Eagle Senior Living Emerges from Chapter 11

Eagle Senior Living has completed a financial restructuring to emerge from Chapter 11 bankruptcy protection.

The company formed in 2018, through the acquisition of 16 communities formerly operated by Brookdale Senior Living (NYSE: BKD). But occupancy and cash flow challenges were “greatly exacerbated” when the Covid-19 pandemic hit, according to court documents, and the company eventually filed for Chapter 11.

Now, Eagle Senior Living has completed a financial reorganization “to achieve a more balanced and sustainable capital structure,” according to a press release issued Thursday, Sept. 8.


As part of that reorganization, the company engaged Blueprint Healthcare Real Estate Advisors to market a community called Vista Lake, in Florida. That community has been acquired by Atlantis Senior Living, which has a corporate headquarters in Brooklyn, New York.

The remaining 15 Eagle communities are operated by Greenbrier Senior Living, and remain open with uninterrupted services.

The restructuring plan also includes the funding of about $28.1 million in new money bond financing for a CapEx fund and an operating fund. And Series 2018 bonds — including tax exempt bonds totaling about $140.8 million — were exchanged for new Series 2022 bonds.


“I would like to thank our residents and their family members for their ongoing support, our business partners for their patience, and all of our loyal employees for their unwavering hard work and dedication to providing all residents with the highest quality of care as we have worked to complete this process,” said Todd Topliff, President of American Eagle Delaware Holding Company LLC. “We are optimistic about our future.”

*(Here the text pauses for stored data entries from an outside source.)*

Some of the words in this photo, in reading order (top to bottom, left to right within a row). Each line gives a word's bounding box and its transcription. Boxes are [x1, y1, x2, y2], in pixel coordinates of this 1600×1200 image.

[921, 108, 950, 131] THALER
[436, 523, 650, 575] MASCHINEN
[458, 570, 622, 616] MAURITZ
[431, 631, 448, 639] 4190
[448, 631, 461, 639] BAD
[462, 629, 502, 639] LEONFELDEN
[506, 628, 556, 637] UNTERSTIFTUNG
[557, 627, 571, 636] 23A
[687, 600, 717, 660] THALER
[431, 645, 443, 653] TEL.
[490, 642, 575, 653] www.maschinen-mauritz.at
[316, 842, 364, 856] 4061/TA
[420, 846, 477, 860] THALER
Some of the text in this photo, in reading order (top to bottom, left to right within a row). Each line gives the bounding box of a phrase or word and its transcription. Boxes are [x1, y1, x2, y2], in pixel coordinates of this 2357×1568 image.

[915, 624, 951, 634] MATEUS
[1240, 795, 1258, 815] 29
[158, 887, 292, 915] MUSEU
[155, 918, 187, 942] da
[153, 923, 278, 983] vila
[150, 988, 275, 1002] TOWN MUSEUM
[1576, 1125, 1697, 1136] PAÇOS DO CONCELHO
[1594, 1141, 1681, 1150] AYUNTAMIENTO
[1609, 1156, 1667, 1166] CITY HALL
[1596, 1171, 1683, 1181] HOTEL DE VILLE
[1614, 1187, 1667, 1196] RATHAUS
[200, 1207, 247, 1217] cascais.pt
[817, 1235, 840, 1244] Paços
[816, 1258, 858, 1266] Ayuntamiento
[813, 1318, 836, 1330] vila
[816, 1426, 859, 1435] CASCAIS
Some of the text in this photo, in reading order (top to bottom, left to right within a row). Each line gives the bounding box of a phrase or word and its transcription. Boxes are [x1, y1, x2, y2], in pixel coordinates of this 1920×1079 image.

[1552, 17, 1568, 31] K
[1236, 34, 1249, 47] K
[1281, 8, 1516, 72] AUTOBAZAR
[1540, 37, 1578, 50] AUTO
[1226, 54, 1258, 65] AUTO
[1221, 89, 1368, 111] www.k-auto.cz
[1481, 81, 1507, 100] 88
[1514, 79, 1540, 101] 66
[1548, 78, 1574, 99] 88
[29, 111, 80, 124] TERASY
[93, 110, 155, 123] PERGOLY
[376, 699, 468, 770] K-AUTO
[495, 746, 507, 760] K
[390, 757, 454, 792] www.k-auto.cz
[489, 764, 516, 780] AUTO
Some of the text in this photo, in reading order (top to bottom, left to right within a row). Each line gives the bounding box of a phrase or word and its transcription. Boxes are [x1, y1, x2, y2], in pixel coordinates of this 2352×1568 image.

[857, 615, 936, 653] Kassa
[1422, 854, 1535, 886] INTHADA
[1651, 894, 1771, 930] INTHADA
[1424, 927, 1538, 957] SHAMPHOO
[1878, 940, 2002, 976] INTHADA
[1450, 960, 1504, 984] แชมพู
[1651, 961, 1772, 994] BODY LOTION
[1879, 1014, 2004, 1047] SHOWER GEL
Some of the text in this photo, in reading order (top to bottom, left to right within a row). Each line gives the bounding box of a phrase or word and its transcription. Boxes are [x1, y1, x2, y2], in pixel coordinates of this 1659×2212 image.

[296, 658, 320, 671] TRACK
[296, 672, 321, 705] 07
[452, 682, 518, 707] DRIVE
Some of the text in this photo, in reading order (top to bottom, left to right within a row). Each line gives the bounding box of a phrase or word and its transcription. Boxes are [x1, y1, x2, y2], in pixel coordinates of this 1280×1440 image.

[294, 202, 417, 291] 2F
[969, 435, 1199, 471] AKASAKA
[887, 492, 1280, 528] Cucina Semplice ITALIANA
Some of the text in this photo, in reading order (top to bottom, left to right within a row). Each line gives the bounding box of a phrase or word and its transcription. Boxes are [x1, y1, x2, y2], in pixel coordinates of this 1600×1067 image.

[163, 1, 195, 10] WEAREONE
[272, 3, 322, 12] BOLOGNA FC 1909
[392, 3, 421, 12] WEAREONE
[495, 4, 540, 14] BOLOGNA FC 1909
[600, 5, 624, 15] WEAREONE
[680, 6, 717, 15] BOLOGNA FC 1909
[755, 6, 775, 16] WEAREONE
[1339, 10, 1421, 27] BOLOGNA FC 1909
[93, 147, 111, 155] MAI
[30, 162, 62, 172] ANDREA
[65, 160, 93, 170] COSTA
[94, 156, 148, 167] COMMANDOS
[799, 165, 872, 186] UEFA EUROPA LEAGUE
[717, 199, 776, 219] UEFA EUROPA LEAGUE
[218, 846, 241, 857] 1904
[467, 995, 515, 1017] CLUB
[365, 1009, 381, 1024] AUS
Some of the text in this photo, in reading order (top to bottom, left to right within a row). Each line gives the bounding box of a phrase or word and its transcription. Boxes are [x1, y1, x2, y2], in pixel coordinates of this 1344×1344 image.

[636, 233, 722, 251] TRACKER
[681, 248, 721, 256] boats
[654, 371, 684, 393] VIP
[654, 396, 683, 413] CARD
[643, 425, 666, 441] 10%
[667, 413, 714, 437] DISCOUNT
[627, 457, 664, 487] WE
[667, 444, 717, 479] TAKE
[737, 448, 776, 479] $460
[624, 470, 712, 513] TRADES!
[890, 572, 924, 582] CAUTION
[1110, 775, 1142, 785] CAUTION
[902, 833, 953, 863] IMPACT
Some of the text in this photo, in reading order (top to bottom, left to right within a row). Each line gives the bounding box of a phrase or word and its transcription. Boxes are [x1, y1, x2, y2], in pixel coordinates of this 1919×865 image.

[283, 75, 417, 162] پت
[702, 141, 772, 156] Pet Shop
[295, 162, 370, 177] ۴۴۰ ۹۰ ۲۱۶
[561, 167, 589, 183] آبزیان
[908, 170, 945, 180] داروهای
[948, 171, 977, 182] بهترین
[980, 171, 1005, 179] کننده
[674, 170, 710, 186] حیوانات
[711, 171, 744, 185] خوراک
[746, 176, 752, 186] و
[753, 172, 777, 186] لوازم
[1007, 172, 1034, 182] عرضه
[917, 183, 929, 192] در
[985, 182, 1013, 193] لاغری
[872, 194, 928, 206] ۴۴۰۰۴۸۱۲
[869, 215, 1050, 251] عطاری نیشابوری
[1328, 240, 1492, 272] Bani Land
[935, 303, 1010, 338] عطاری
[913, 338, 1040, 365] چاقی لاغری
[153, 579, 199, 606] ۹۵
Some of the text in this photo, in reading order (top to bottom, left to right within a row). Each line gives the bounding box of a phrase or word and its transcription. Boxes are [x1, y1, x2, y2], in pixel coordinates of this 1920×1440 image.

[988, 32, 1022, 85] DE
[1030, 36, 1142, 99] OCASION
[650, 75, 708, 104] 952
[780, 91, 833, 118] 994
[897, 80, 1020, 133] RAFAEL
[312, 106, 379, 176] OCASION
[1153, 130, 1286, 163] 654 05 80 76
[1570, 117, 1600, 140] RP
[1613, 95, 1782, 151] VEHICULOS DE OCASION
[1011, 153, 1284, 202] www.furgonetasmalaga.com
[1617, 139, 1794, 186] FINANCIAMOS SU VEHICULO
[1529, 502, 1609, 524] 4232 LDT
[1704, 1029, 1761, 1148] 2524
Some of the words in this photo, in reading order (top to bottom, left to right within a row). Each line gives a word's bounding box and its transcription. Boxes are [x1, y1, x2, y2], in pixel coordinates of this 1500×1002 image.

Polsinelli was legal counsel and FTI Consulting was restructuring and financial advisor to Eagle Senior Living through the Chapter 11 process.

Eagle Senior Living is far from the only provider to experience financial distress in the midst of Covid-19. Senior living was “the municipal bond sector most directly harmed by the pandemic,” according to an April 2022 report from Moody’s Investor Services. 

Of 675 bond delinquencies and defaults between April 2020 to March 2022, 24% were related to senior living, Moody’s reported.